Your district approved a music program but didn’t provide a curriculum. Or the curriculum exists on paper but has no digital resources attached. Either way, you’re supposed to build something from nothing, and the internet isn’t making it easier.
For teachers working without a formal curriculum, open-ended resource libraries create a specific kind of stress. They offer plenty of choices without the structure needed to use them well. Essential Elements Music Class (EEMC) solves this with Lesson Search that filters by grade level and concept, turning a large catalog into a precise, standards-aligned shortlist.
Five steps before you even open the door
When there’s no curriculum, every planning session starts from scratch. You can’t just open a binder and follow the next lesson. You have to decide what to teach, find something that teaches it, verify that it’s grade-appropriate, check whether it aligns to standards, then figure out how to deliver it. That’s five steps before you even open your classroom door.

Most platforms make step two, finding something, the hardest part. A general search bar in a library of hundreds of resources is not a curriculum tool. You type rhythm and get results spanning kindergarten through eighth grade, mixing songs, games, full lessons, and supplemental activities. None of it is organized around a progression.
EEMC’s search is built for exactly this gap. Lesson Search is the feature that narrows the library by grade level and concept before you choose a lesson. Two filters instantly narrow the library to lessons designed for your students and aligned to the skill you want to teach. The concept filter is tied to EEMC’s structured concept progression: Introducing, Developing, Mastering by grade. So when you filter, you’re moving through a built-in scope and sequence, not just running a keyword search.
From daily plans to a workable curriculum
Every search result comes fully loaded: learning goals, vocabulary, activities, a Social-Emotional Learning (SEL) component, assessment steps, and National Core Arts Standards (NCAS) correlations. Each lesson you pull from search is already documented. When an administrator asks what standards your program covers, the answer is built into every lesson you’ve taught.

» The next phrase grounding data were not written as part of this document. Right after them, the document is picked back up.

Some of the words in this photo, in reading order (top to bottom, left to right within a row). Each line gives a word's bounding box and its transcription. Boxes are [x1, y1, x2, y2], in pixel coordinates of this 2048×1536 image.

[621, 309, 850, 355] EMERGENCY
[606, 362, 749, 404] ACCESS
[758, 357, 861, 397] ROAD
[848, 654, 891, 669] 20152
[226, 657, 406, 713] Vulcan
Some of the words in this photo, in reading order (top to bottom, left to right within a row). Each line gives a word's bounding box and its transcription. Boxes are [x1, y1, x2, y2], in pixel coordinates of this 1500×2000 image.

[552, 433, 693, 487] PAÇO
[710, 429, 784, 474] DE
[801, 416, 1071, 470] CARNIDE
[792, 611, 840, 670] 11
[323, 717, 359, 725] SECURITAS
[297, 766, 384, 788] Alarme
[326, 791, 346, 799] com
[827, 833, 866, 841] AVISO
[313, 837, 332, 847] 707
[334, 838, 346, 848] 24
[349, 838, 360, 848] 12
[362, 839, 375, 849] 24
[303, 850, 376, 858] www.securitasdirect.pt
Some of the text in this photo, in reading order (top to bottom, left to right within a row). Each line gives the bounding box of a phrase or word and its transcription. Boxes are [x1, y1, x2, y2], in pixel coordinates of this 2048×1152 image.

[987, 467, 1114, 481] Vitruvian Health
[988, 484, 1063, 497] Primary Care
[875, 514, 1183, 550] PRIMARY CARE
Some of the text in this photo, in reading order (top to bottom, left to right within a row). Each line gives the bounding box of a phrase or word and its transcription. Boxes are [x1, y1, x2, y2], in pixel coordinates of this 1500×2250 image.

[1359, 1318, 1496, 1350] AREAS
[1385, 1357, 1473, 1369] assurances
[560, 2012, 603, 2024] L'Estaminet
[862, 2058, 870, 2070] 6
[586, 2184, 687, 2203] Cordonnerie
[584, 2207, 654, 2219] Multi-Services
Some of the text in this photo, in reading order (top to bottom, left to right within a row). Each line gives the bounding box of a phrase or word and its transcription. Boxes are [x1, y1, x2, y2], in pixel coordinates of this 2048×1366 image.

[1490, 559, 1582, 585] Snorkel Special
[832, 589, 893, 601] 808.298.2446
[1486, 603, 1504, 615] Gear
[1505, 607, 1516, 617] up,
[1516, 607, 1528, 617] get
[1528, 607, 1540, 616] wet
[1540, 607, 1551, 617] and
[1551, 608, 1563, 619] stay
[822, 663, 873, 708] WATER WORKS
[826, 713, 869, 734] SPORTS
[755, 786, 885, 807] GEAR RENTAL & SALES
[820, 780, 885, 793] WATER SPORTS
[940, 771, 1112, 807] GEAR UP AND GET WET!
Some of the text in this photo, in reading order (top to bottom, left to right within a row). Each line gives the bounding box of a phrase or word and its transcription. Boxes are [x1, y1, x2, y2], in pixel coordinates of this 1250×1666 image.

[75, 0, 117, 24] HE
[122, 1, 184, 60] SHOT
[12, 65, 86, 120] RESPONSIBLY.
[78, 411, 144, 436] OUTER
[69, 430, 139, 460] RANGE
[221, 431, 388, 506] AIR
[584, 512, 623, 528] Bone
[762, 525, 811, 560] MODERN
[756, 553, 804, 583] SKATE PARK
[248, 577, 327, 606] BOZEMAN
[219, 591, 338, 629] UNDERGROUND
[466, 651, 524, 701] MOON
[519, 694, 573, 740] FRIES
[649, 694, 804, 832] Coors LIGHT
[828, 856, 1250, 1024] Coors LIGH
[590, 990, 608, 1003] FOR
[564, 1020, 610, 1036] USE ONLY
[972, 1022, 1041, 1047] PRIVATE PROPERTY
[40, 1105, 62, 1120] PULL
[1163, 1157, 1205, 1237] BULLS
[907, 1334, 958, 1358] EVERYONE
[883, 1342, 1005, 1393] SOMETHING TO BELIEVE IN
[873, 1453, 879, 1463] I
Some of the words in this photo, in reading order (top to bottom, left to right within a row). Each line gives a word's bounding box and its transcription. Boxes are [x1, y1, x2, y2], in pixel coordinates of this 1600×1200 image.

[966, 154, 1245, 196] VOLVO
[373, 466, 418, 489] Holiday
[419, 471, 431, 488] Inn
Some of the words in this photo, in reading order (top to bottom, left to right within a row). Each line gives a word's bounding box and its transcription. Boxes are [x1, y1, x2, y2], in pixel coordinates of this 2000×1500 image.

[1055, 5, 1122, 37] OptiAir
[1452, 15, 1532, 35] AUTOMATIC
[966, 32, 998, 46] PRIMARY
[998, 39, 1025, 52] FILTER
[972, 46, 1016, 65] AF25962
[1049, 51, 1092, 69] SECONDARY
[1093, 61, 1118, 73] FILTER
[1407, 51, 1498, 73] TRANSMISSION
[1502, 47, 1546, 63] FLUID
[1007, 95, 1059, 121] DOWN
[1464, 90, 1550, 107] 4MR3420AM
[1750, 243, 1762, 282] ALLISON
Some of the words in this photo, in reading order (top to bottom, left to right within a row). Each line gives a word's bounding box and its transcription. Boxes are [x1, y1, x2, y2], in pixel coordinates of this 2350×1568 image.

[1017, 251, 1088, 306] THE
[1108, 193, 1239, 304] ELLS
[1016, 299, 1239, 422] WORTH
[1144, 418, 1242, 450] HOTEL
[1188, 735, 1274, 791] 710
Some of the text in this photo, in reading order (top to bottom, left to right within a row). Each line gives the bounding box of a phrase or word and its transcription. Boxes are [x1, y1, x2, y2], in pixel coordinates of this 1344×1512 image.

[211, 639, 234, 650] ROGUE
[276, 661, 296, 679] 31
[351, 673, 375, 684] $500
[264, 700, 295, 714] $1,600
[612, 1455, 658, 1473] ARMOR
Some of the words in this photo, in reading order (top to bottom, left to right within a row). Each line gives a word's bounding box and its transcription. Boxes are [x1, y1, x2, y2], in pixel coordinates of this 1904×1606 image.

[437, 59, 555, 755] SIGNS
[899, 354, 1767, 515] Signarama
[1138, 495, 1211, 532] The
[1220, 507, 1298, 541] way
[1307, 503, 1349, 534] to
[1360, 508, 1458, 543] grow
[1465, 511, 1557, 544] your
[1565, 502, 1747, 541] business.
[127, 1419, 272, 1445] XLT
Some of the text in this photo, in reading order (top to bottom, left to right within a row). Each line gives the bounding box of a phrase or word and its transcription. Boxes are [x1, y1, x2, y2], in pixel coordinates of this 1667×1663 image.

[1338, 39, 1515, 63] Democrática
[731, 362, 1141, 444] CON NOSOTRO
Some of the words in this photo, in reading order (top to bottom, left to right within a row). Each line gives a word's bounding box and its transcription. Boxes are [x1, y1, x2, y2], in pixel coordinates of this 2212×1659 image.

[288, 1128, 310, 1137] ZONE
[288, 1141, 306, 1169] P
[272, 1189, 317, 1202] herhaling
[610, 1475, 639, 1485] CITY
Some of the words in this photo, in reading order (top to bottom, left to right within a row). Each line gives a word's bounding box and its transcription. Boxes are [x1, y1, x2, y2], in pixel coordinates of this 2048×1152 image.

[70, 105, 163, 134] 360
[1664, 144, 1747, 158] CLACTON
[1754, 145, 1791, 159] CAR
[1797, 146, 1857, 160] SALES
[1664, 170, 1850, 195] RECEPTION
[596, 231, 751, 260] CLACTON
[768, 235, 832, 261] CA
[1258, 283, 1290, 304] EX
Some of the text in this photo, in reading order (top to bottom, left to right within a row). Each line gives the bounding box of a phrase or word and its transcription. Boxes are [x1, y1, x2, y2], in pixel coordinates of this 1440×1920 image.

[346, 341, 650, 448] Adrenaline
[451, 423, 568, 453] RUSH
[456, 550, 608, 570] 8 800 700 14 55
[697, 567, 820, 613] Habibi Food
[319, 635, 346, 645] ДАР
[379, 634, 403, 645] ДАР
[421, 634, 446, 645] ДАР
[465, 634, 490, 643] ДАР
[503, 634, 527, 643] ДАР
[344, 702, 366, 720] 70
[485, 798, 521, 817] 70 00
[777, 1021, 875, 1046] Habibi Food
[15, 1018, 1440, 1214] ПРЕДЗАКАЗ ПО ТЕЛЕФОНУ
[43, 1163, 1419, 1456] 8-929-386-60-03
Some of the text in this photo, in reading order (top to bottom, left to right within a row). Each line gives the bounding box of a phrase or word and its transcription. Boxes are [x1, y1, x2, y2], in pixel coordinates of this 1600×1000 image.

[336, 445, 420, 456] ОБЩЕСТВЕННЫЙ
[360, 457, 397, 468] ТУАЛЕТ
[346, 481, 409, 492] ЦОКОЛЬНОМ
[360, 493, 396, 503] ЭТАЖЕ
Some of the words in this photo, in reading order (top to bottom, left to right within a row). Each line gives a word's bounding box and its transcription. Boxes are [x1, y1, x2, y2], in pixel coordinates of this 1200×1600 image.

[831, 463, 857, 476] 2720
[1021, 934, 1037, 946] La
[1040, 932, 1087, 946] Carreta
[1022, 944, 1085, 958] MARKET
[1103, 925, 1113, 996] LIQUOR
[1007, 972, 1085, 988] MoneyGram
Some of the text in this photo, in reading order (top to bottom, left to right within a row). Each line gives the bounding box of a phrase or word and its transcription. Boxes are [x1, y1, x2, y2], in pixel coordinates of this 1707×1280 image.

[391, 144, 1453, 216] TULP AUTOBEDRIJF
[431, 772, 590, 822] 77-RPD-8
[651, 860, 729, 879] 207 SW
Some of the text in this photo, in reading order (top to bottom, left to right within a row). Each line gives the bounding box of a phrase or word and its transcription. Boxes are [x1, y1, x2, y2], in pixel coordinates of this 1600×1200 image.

The practical workflow is simple. Monday morning, Grade 2, concept is tempo. You open EEMC, filter by Grade 2, filter by tempo, and see a few ready-to-teach lessons. You read the overview, pick the one that fits your class size and available time. Total planning time: a few minutes. Repeat for each grade.

Over weeks, this filter-driven approach builds something bigger than daily plans. Because every lesson you select is tied to the same concept progression and standards framework, your teaching has coherence even without an official document. You can show a sequence. You can demonstrate progression. The structure is in the tool, even when it’s not in the district plan.
No curriculum? Two filters turn a resource library into a teaching plan.